Purpose : The retina, as the only visually accessible tissue in the central nervous system, has attracted significant attention for evaluating it as a biomarker for neurodegenerative diseases. Yet, most of studies focus on characterizing the loss of retinal ganglion cells (RGCs) and degeneration of their axons. There is no integrated analysis addressing temporal alterations of different retinal cells in the neurovascular unit (NVU) in particular retinal vessels. Here we assessed NVU changes in two mouse models of tauopathy and evaluated the therapeutic effects of a tau oligomer monoclonal antibody (TOMA).

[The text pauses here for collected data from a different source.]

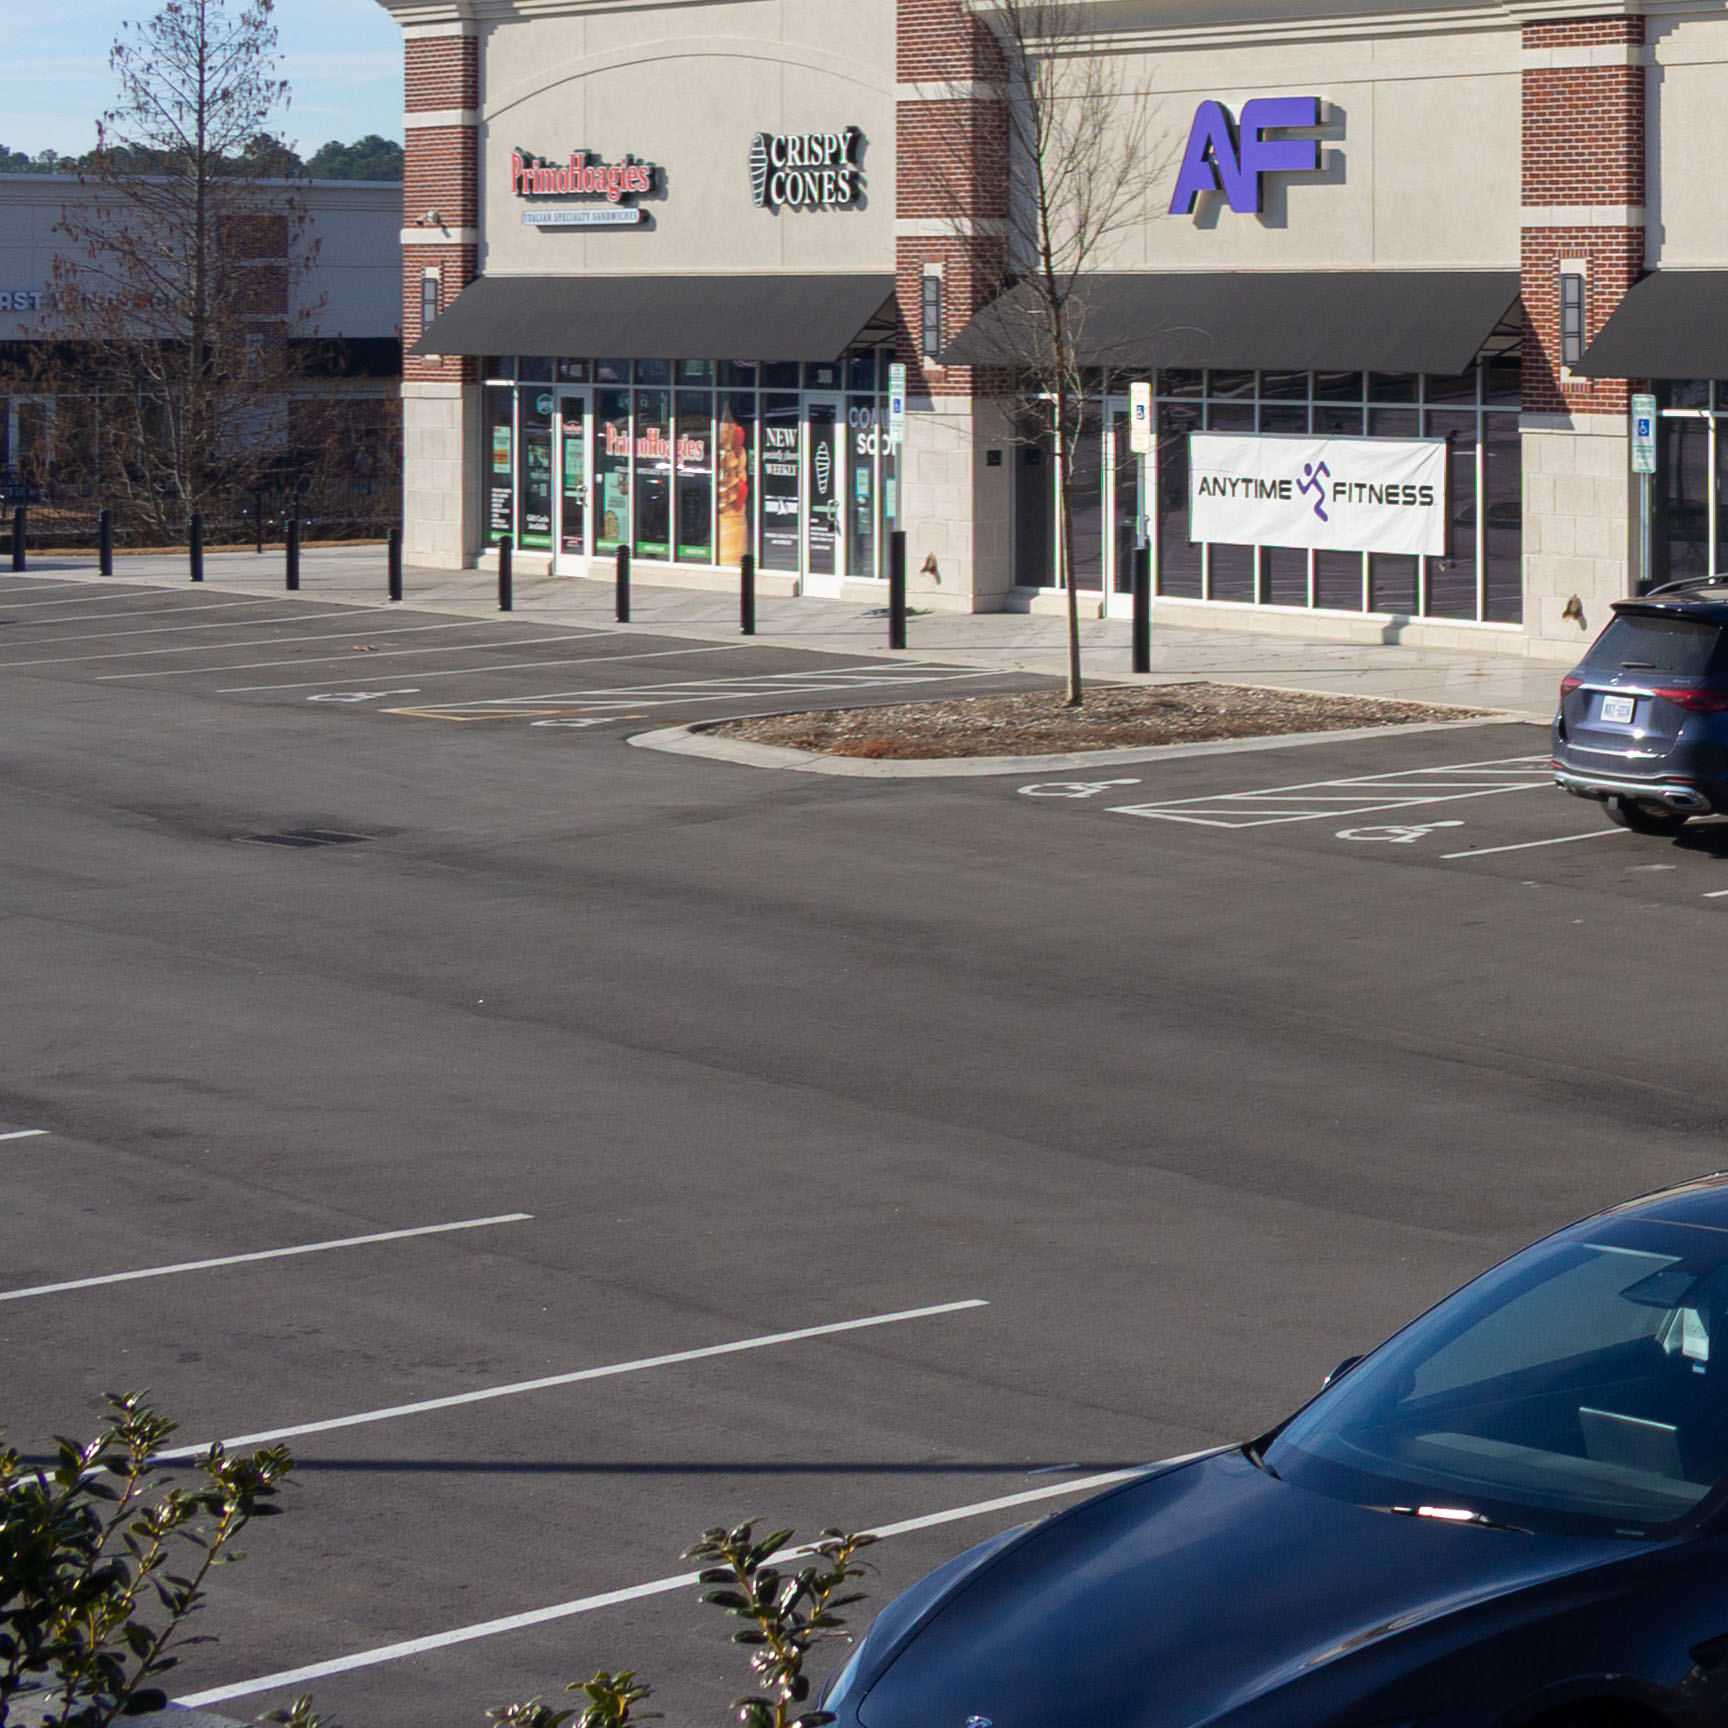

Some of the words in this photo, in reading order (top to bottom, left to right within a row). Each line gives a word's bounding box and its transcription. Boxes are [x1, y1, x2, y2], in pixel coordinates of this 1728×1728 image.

[770, 132, 852, 167] CRISPY
[1168, 96, 1317, 215] AF
[511, 150, 649, 202] PrimoHoagies
[770, 170, 851, 205] CONES
[765, 428, 798, 447] NEW
[1198, 476, 1292, 500] ANYTIME
[1333, 482, 1434, 506] FITNESS

Methods : Studies were performed in P301S and P301L transgenic mice which overexpress the human tau mutated gene. Optical coherence tomography, scanning laser ophthalmoscopy and electroretinography were applied to non-invasively analyze retinal structural and functional changes. Vascular leakage was determined by analyzing FITC-BSA extravasation into the retina. Leukocyte adhesion was assessed by Concanavalin A labeling. Alterations of adhesion junction, microglia, leukocytes and RGCs were assessed by immunostaining in retinal flatmounts. TOMA was utilized to treat tauopathy.

Results : Retinal edema and breakdown of blood-retina barrier were observed at the very early stage of tauopathy. Leukocyte adhesion/infiltration, and microglial recruitment/activation were constantly increased in the retinal ganglion cell layer of tau transgenic mice at different ages, while Müller cell gliosis was only detected in relatively older tau mice. Concomitantly, the number and function of RGCs progressively decreased during aging although they were not considerably altered in the very early stage of tauopathy. Moreover, intrinsically photosensitive RGCs appeared more sensitive to tauopathy. Remarkably, TOMA treatment in young tau transgenic mice significantly attenuated vascular leakage, inflammation and RGC loss.

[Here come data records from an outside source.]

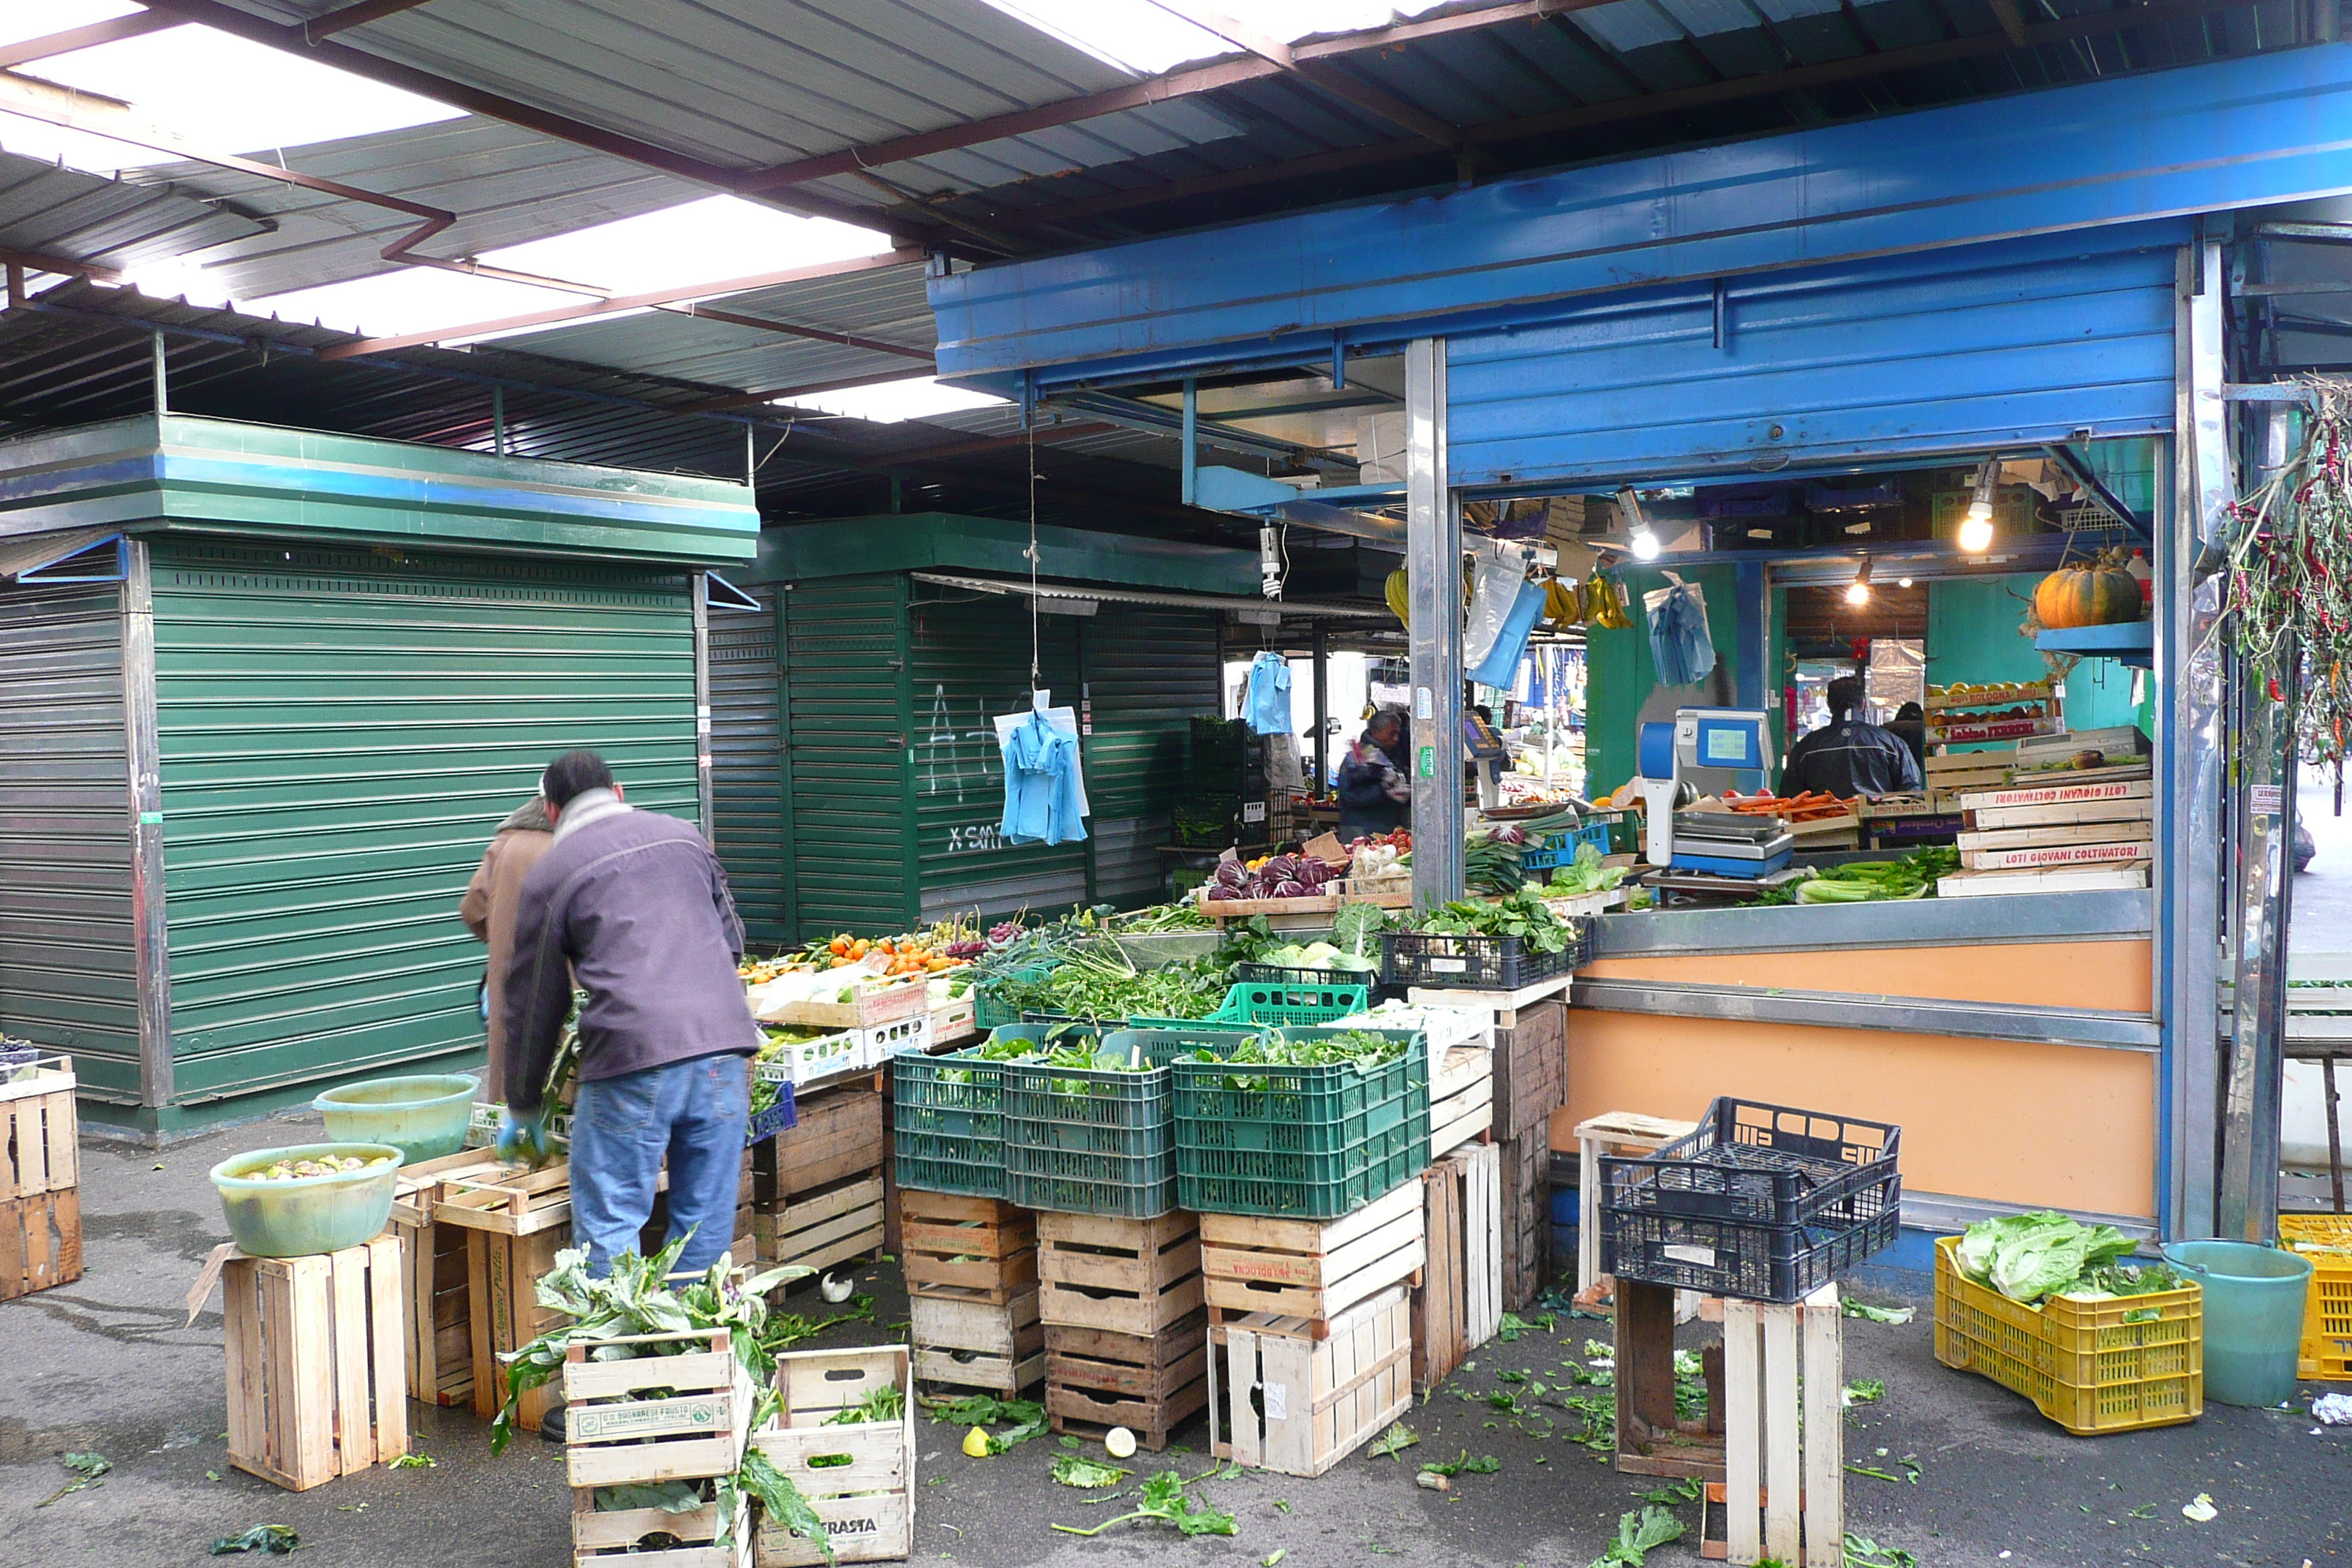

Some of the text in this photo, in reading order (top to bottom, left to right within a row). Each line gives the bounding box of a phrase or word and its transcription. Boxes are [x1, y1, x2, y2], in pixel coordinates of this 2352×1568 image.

[1970, 690, 2010, 702] BOLOGNA
[1995, 785, 2127, 804] LOTI GIOVANI COLTIVATORI
[2006, 846, 2138, 864] LOTI GIOVANI COLTIVATORI
[1233, 1264, 1273, 1277] BOLOGNA
[617, 1409, 658, 1420] BAGNARESI
[660, 1405, 689, 1416] FAUSTO

Conclusions : Our data provide compelling evidence that abnormal tau accumulation can lead to pathology in the retinal neurovascular unit, and vascular alterations occur more manifest and earlier than neurodegeneration in the retina. Oligomeric tau-targeted immunotherapy has the potential to treat tau-induced retinopathies. Retinal NVU may serve as a potential biomarker for diagnosis and staging of tauopathy as well as a platform to study the molecular mechanisms of neurodegeneration.

This is a 2021 ARVO Annual Meeting abstract.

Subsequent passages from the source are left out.